_INSTRUCTIONS FOR THE TASK_: Each line that contains the word "CANDY" counts once; give the total for the records below and nothing else.

_RAW DATA_:

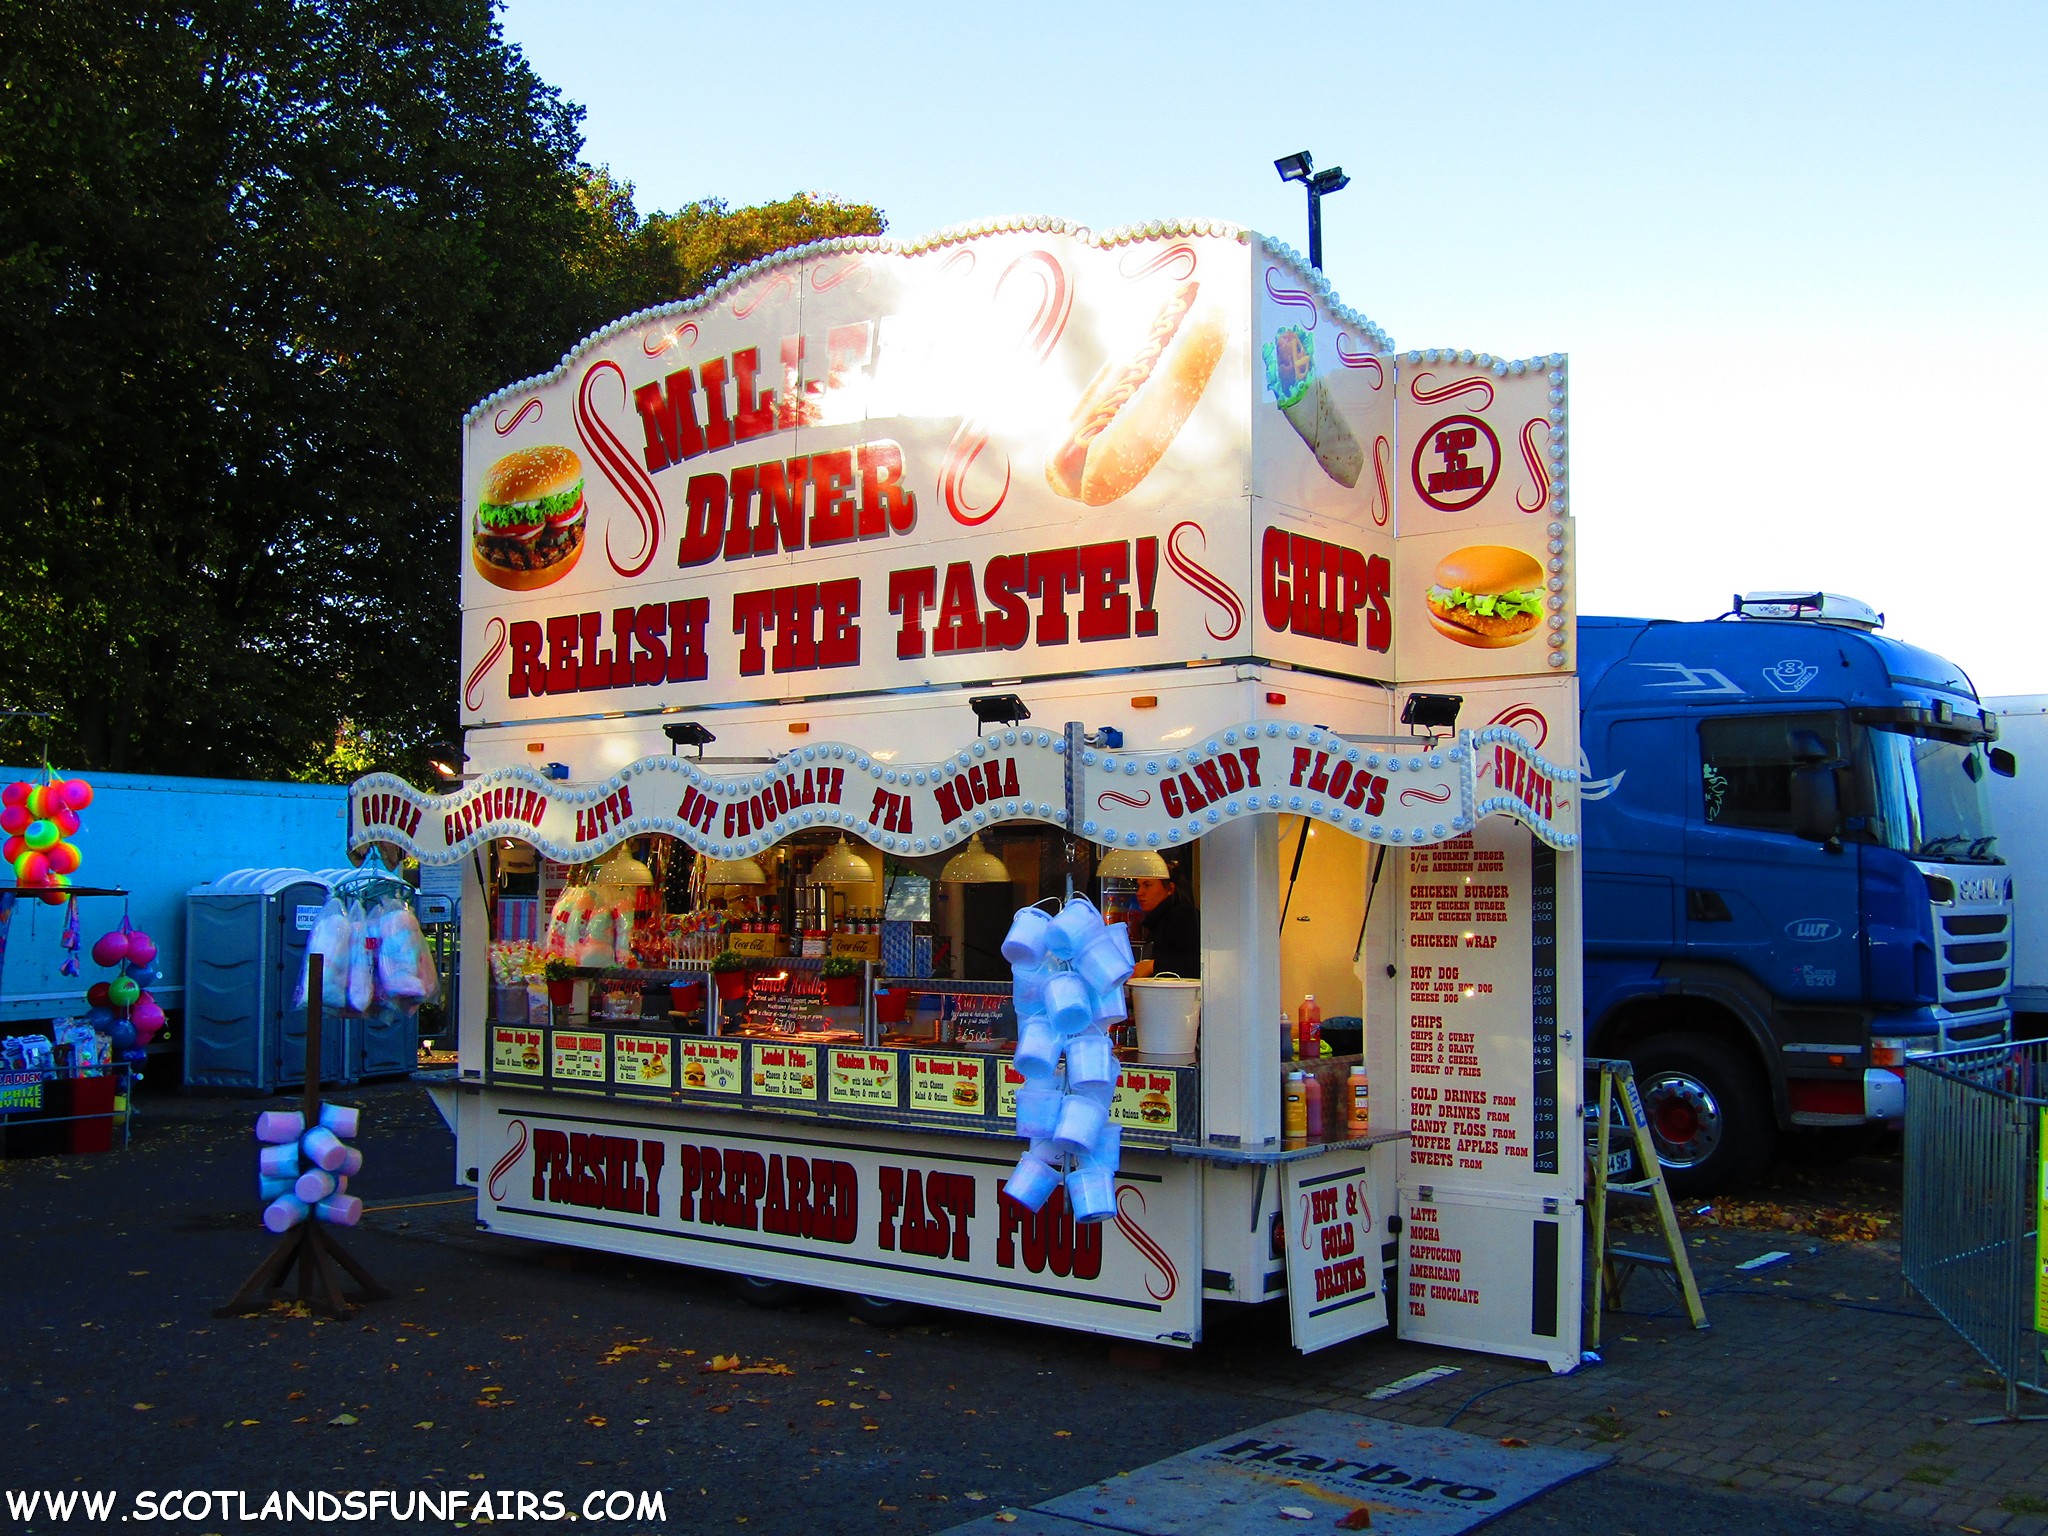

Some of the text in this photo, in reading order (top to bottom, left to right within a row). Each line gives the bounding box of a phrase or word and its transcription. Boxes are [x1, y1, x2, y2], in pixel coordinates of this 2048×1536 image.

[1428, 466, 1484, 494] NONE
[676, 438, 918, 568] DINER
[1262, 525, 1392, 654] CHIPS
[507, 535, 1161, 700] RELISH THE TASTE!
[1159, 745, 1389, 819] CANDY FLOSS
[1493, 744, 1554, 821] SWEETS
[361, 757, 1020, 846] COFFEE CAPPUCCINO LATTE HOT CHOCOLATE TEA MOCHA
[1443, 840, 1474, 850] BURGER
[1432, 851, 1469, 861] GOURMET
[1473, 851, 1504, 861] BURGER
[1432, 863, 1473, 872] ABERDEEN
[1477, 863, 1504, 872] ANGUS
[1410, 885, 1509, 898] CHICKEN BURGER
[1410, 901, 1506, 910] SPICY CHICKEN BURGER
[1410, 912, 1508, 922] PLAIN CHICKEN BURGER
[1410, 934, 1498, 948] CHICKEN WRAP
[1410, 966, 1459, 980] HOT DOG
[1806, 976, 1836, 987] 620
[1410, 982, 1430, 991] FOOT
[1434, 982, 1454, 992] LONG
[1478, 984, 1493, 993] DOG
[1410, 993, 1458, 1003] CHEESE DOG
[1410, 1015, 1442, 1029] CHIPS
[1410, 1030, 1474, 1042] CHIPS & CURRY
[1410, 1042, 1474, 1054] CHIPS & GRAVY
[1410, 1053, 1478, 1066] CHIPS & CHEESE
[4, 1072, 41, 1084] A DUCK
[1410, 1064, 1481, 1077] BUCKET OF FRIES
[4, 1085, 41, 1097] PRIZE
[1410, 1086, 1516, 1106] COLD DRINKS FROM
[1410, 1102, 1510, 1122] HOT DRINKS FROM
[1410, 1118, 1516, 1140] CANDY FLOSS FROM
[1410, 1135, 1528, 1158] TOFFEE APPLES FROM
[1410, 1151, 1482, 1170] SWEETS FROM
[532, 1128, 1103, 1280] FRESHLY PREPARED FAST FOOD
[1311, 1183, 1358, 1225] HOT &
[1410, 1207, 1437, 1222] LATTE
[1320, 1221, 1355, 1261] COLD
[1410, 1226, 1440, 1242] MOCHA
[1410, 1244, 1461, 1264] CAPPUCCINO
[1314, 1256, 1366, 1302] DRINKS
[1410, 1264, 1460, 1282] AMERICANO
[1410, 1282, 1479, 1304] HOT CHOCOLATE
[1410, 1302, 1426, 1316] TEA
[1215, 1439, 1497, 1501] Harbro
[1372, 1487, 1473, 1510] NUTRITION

_TASK OUTPUT_: 2